Canada is the overall winner, with fully 53% of their hospitals exposed, with 36% of their US counterparts being exposed. The company found more than a thousand expired SSL certificates in the US alone, which is the digital equivalent of a large neon sign to a hacker.
As grim as those numbers look for the US and Canada, the picture doesn’t improve much in other parts of the world. For instance, nearly half of all NHS Trust in England suffered from a ransomware attack in the last twelve months, and even though the UK’s’ exposure is much lower than the US’s (less than 1%), they still suffered nearly a thousand data breaches last year, which speaks to the massive scope and scale of the problem.
Just how lucrative is the market for medical data on the Darkweb? As an example, a complete hospital database can sell for as much as half a million dollars.

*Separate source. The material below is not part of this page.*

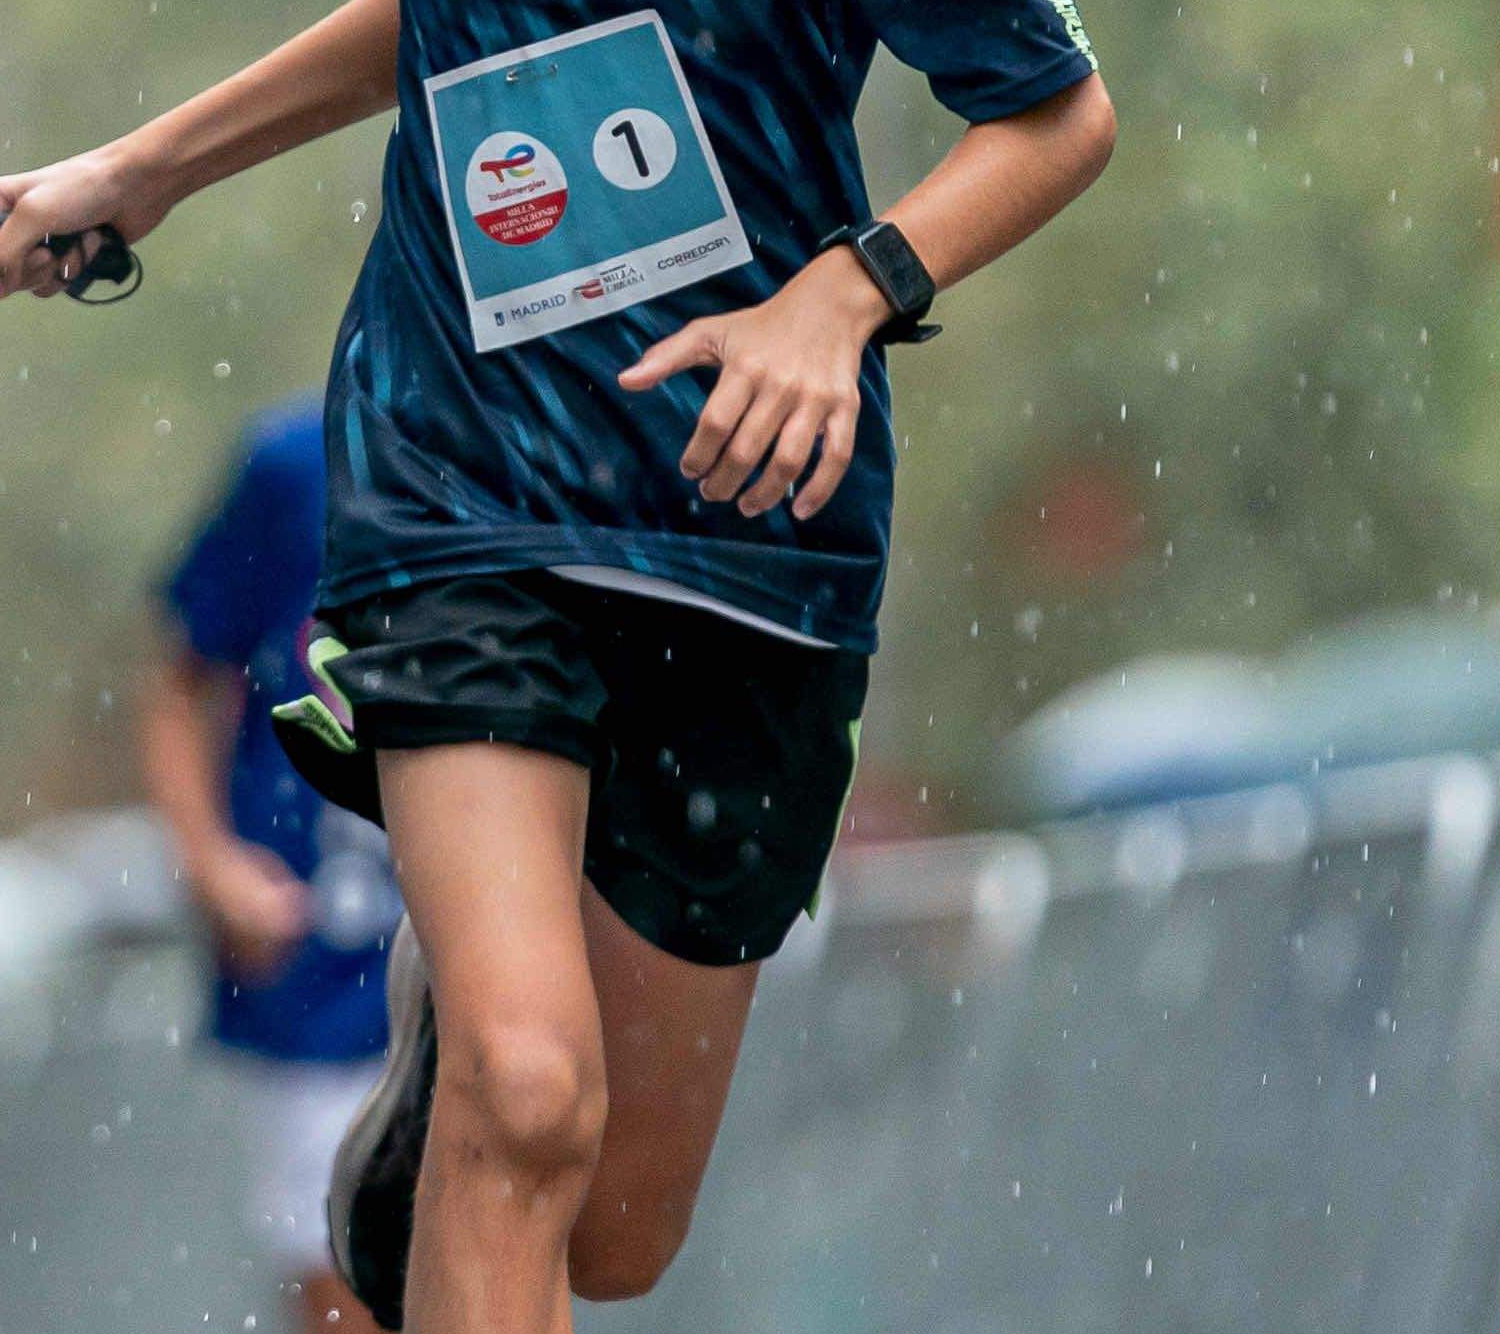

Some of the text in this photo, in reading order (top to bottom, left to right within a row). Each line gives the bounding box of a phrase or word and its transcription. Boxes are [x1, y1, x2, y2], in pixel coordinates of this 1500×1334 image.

[611, 120, 650, 178] 1
[602, 267, 637, 283] MILLA
[510, 293, 567, 321] MADRID

What makes medical data so enticing for hackers is the width and breath of what it contains. The hackers can get dates of birth, social security numbers, addresses, billing and banking information, insurance information and a plethora of other financial details.
Basically, anyone armed with the data from a medical database would be able to digitally reconstruct your life and steal your identity. Worse, many of these pieces of data are unique and can’t be changed or reset if stolen.
If you work with PHI, be warned. The hackers are coming, and they’re coming for whatever data you’ve got.